A new report presented by Human Rights Watch says the lives and health of workers in Georgia’s mines are at serious risk due to insufficient government regulation and weak labor protections. Years of deregulation results in mining practices that put workers’ safety in jeopardy, said HRW while presenting the study on August 22.
The 60-page report “‘No Year without Deaths: A Decade of Deregulation Puts Georgian Miners at Risk,” that is based on 80 interviews with workers, as well as other stakeholders, largely focused on industrial towns of Chiatura and Tkibuli in Western Georgian region of Imereti, that are known for manganese and coal mines, respectively.
The report aiming at “bringing into focus Georgia’s much-needed labor reform” noted that the worker safety is often viewed by the state in a narrow, technical sense, in disconnect from the general issue of workers’s rights.
Dire Working Conditions in Mines
Following Rose Revolution, Georgia abolished Labour Inspectorate in 2006 and reduced worker protections in the labour code, that aimed at attracting Foreign Direct Investment (FDI) in the country. “Years of deregulation have left Georgian workers without adequate protection,” Human Rights Watch found.
The report highlighted the practices that violate workers’ rights, including long hours, inadequate breaks, and no weekly rest days, non-payment of overtime hours, failure to provide copies of written contracts, and unfair wage deductions.
Workers in the largest manganese producer, Georgian Manganese told HRW that “they work 12-hour shifts underground, including at night, for 15 straight days.”
Miners, the report found “are often exhausted, and they have faced penalties for failure to make quotas” of mining volume. The watchdog noted that because of the rush to meet such quotas or lack of sufficient rest, workers “had suffered deep cuts, were buried under rocks as roofs collapsed, lost limbs, suffered concussions, or narrowly avoided serious accidents.”
Further, the report says that “during shifts, the company requires miners to live in a dormitory, in part to maximize production”, which “unfairly interferes with their freedom of movement and their family and home lives.”
Unfinished Path to Reregulation
“It is entirely in Georgia’s power to protect workers and improve conditions for their health and safety,” Corina Ajder, Finberg Fellow at Human Rights Watch, the author of the report said.
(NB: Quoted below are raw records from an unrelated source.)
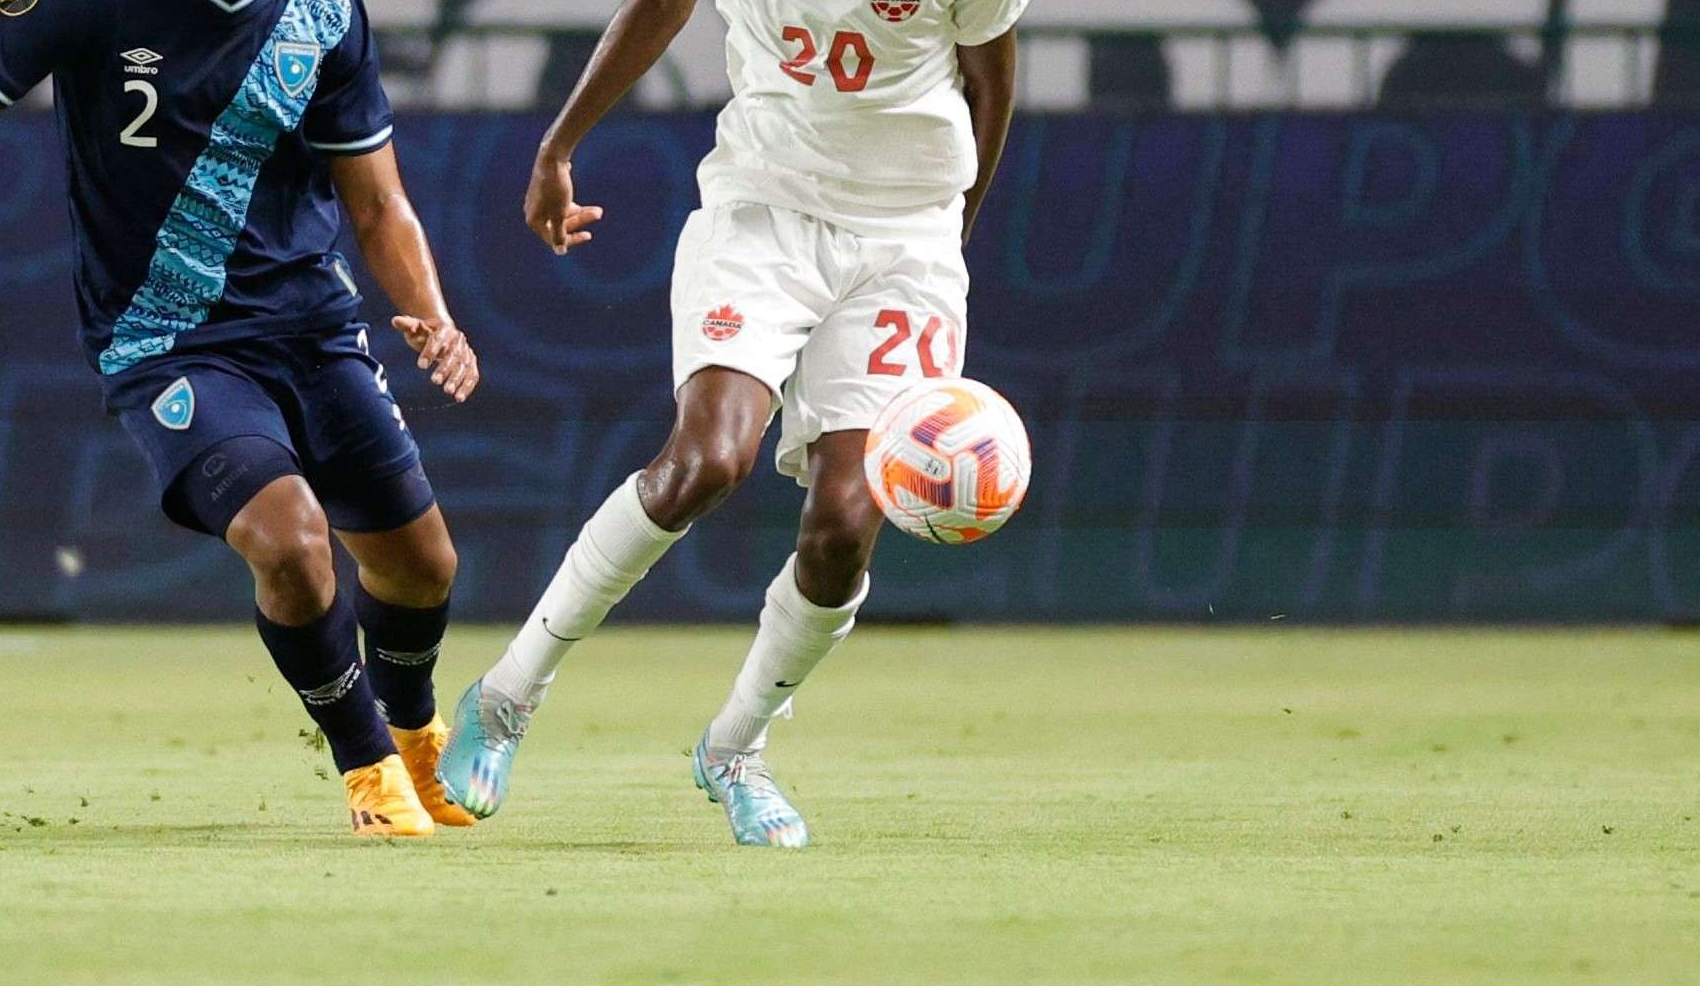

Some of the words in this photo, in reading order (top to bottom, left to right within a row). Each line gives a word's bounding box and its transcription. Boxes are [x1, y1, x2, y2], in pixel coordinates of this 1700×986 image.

[124, 65, 158, 74] umbro
[780, 26, 875, 92] 20
[120, 80, 158, 147] 2
[867, 309, 956, 378] 20
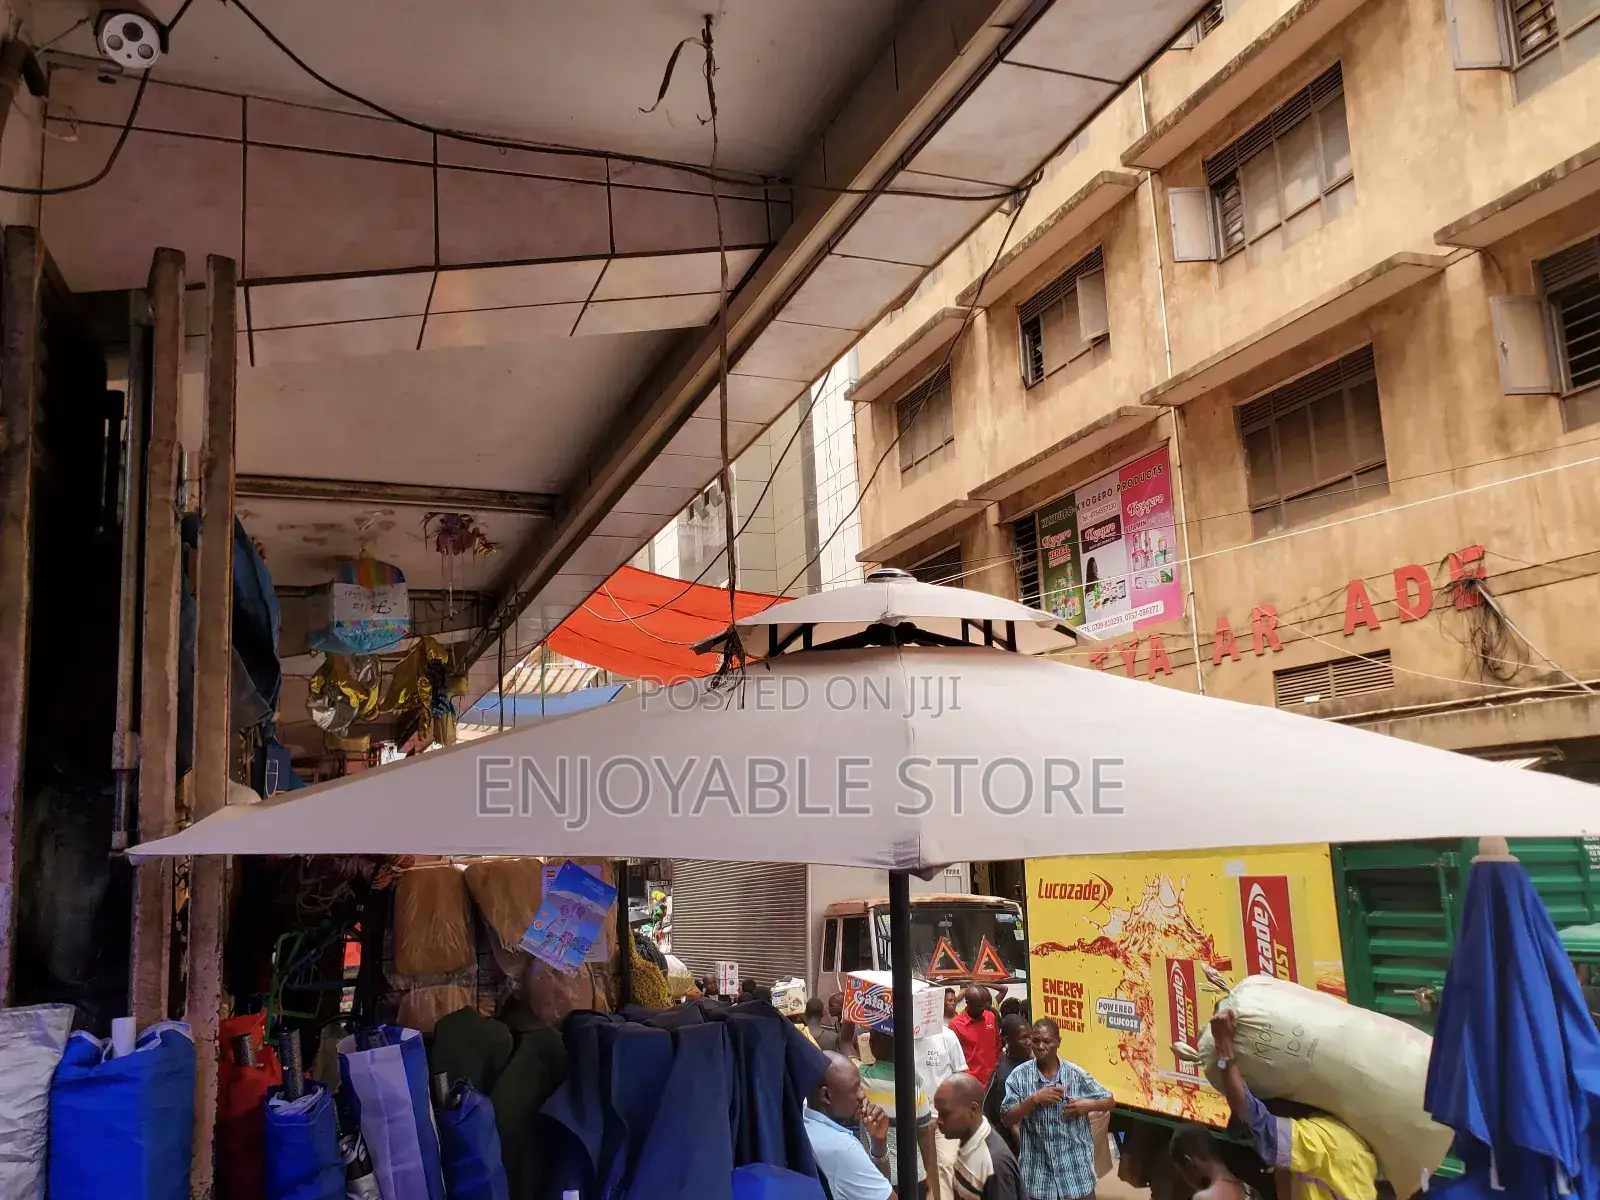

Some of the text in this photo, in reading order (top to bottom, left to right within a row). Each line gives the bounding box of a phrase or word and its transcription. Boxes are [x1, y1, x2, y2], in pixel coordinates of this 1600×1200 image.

“We acknowledge that there are positive steps since 2013,” Ajder added, at the presentation, emphasizing also the importance of the amendments in the organic law on labour inspectorate in February 2019. “Georgia’s gradual approach to this urgent problem ignores the risks of life and death”, however, she said.
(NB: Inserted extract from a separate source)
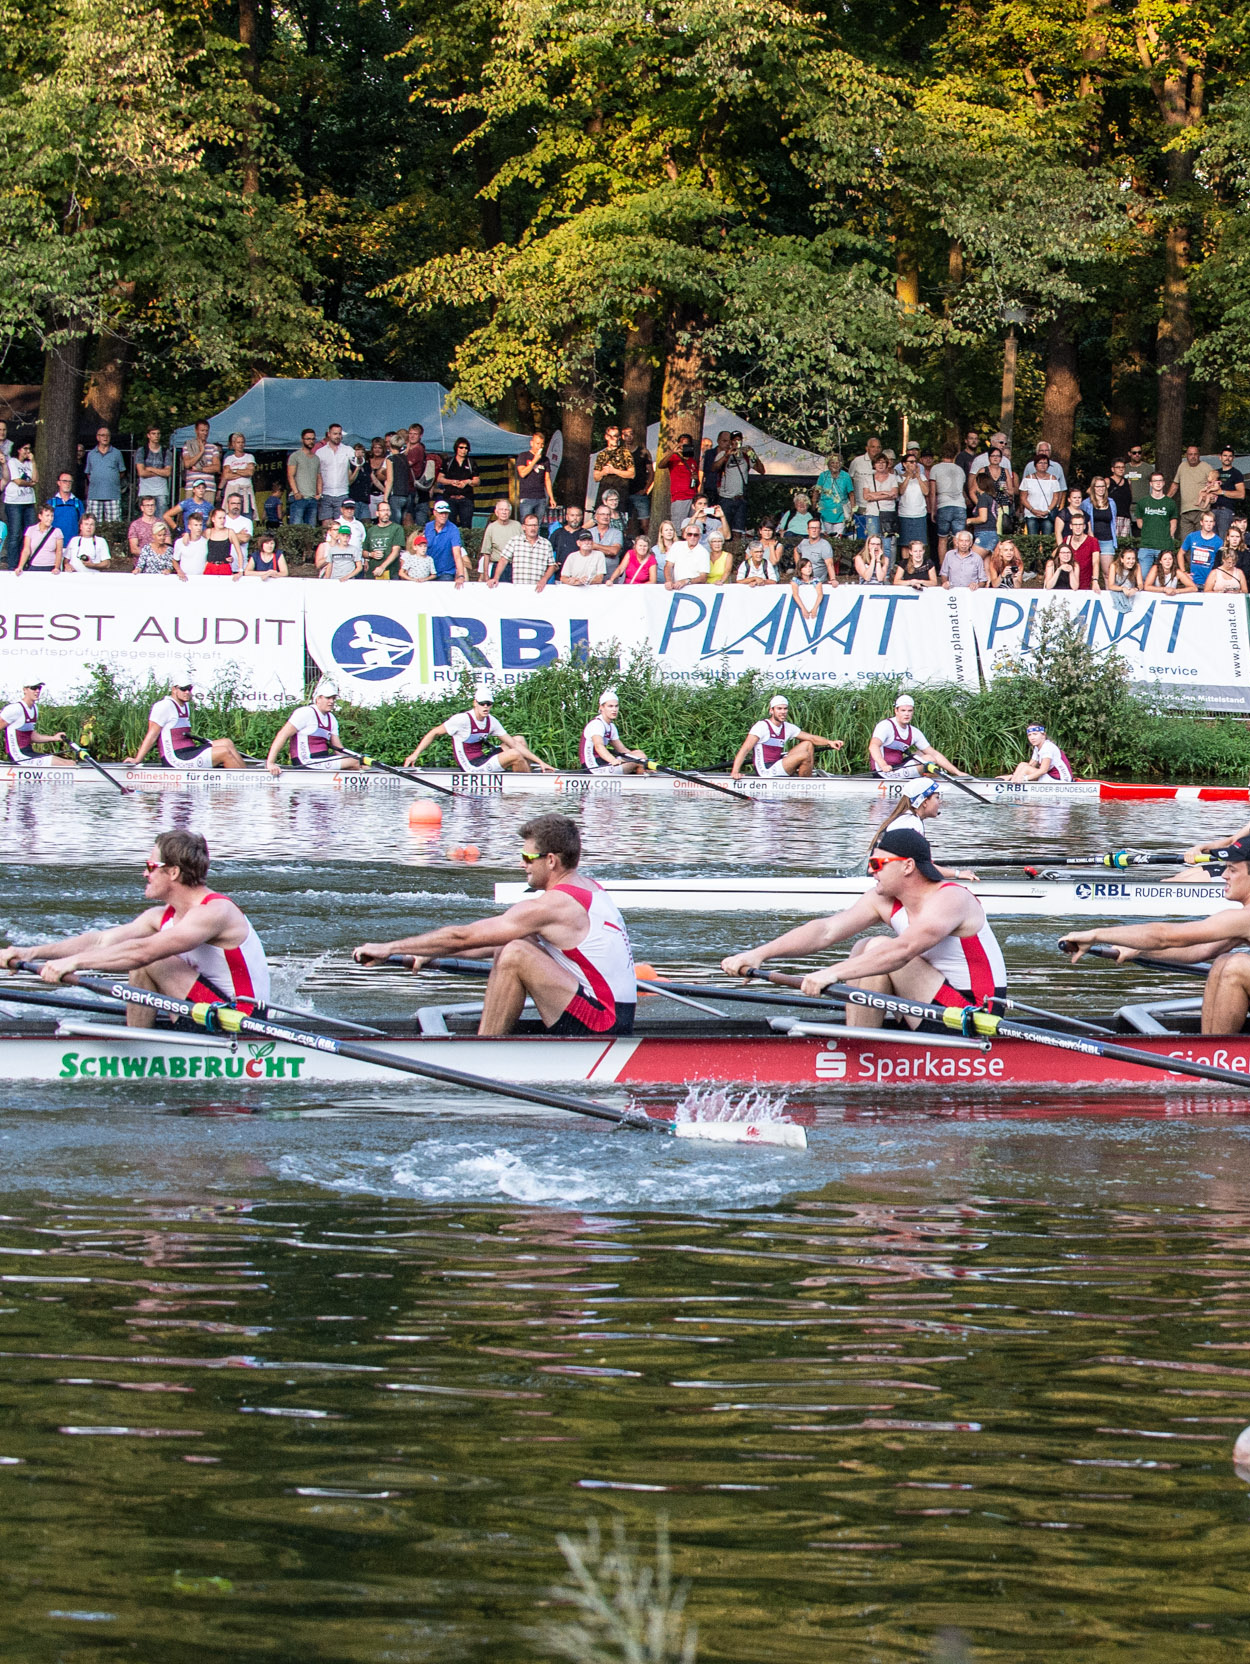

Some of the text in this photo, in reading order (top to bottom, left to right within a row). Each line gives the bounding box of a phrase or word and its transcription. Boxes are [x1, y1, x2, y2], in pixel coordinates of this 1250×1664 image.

Ajder writes in the report, the current, “gradual approach” seems to reflect “greater concern with protecting Georgia’s flexible labor market than a sense of urgency to protect labor rights”,
Even with somewhat positive developments, the report noted, the mandate of the labour inspectorate remains limited. Giorgi Gogia, Associate Director of Europe and Central Asia Division at Human Rights Watch noted the challenge of separating labour rights from the safety concerns. He says “labour inspection sees the safety issue in a narrow way. It does not pay attention to the problems such as working hours, workers’ exhaustion or other issues that lead to such tragedies.”
“A minimum wage, a specific rate for overtime pay or pay for work during holidays, no limit on night work, and no requirement that employers provide workers with copies of contracts” were named by HRW as other gaps in Georgian law, that needs to address.
Georgia’s Unfulfilled International Obligations
“The limited mandate of the Labour Inspectorate does not comport with Georgia’s obligations under the European Social Charter and ILO conventions, nor does it live up to commitments made under the EU-Georgia Association Agreement, signed in 2014,”, the report said.
Stressing the need of urgent reforms to ensure workers rights and safety, HRW calls on the government to meet international labour standards and Georgia’s international human rights commitments. This includes, ratifying ILO Conventions, rights watchdog notes in recommendations.
It recommends the government to ensure establishment of fully-fledged, independent and adequately staffed and trained Labour Inspectorate that would safeguard workplace safety and working conditions.
Human Rights Watch calls on Georgia’s international partners, including the EU and the U.S. to actively encourage Georgia to align its labour laws with international standards.